The dropping of a tax agreement with China on Tuesday is not necessarily a bad thing for Taiwan and proves that the deal will have to gain more support before being signed, experts said.
Representatives from Taiwan and China signed three agreements on Tuesday: on agricultural inspection and quarantine cooperation, industrial standards testing and certification cooperation, as well as fishery labor cooperation.
A fourth item on the agenda — an agreement on avoiding double taxation and strengthening tax cooperation — was not signed, as the two sides failed to reach a consensus, citing “technical issues.”
The development marked the first time since cross-strait talks resumed last year after a nine-year hiatus that an agreement that had been put on the agenda was not signed.

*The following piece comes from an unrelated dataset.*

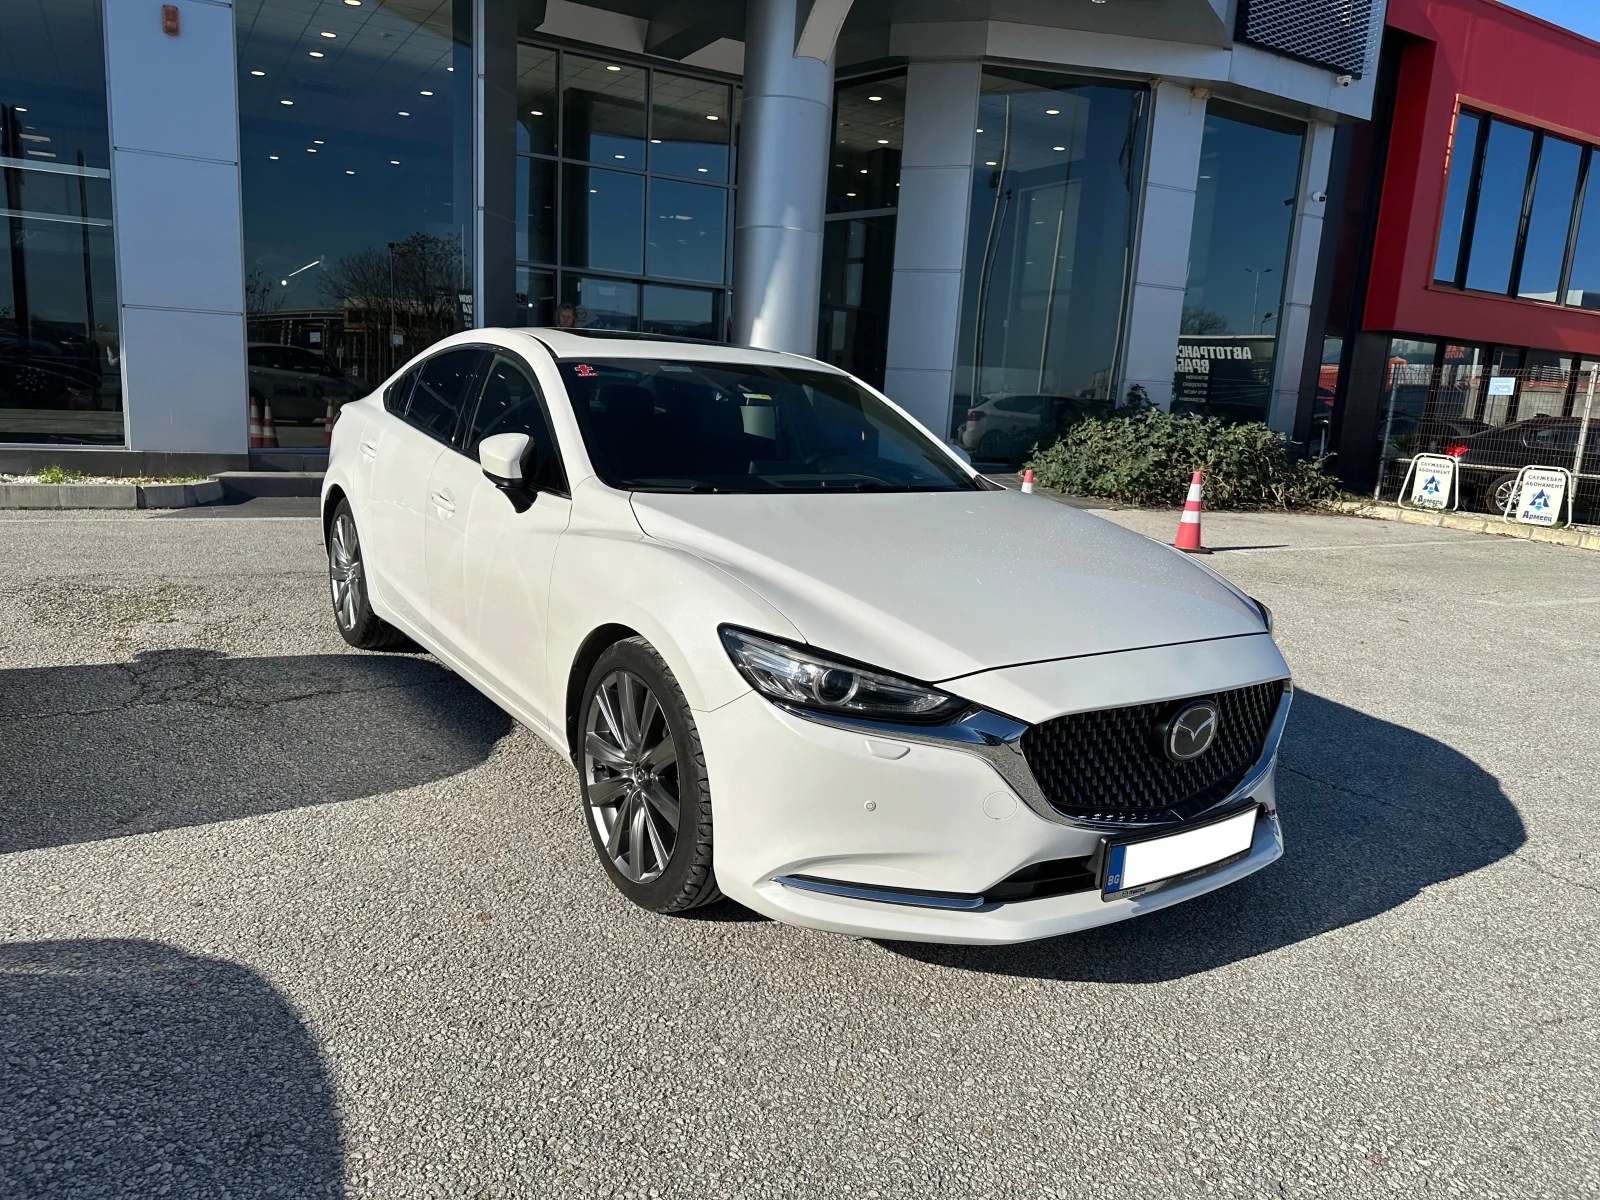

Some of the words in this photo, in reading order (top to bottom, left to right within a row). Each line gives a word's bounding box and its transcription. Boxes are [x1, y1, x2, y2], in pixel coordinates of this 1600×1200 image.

“China never presumes it has to reach concrete results before entering negotiations,” National Taiwan University economics professor Kenneth Lin (林向愷) said.
“Not being able to sign the agreement … is not necessarily a bad thing for us. We don’t have to set a deadline and tie our hands,” he said.
Most Taiwanese businesspeople investing in China do so through companies in a third country to avoid being taxed, Lin said, adding that Taiwanese business operators are mostly concerned that “China has been using tax inspections as a tool to pester Taiwanese businesses in China.”
Tax agreements are usually signed between allies, friendly countries or countries at similar levels of economic development, but that is not the case between Taiwan and China, Lin said.
“The key here is not tax issues but political issues, such as the wording of the document,” he said.
“At the end of the day, a government has to protect its taxpayers,” Lin said.
Others looked at the negotiations in a different light.
Yin Nai-ping (殷乃平), a professor of finance at National Chengchi University, said the “technical issues” that nixed talks on taxation were related to the avoidance of double taxation.
“Taiwan may have requested that Taiwanese companies that are investing indirectly in China through a third country be included on the double taxation list in the negotiations, but China refused to accept this,” Yin said.
Taiwan’s opposition parties have questioned whether taxpayer information could end up in the hands of the Chinese authorities once an agreement on tax cooperation takes effect, which has raised concerns among local businesspeople, Yin said.
“The widespread uneasiness over the issue made Taiwanese officials particularly cautious in the talks,” he said.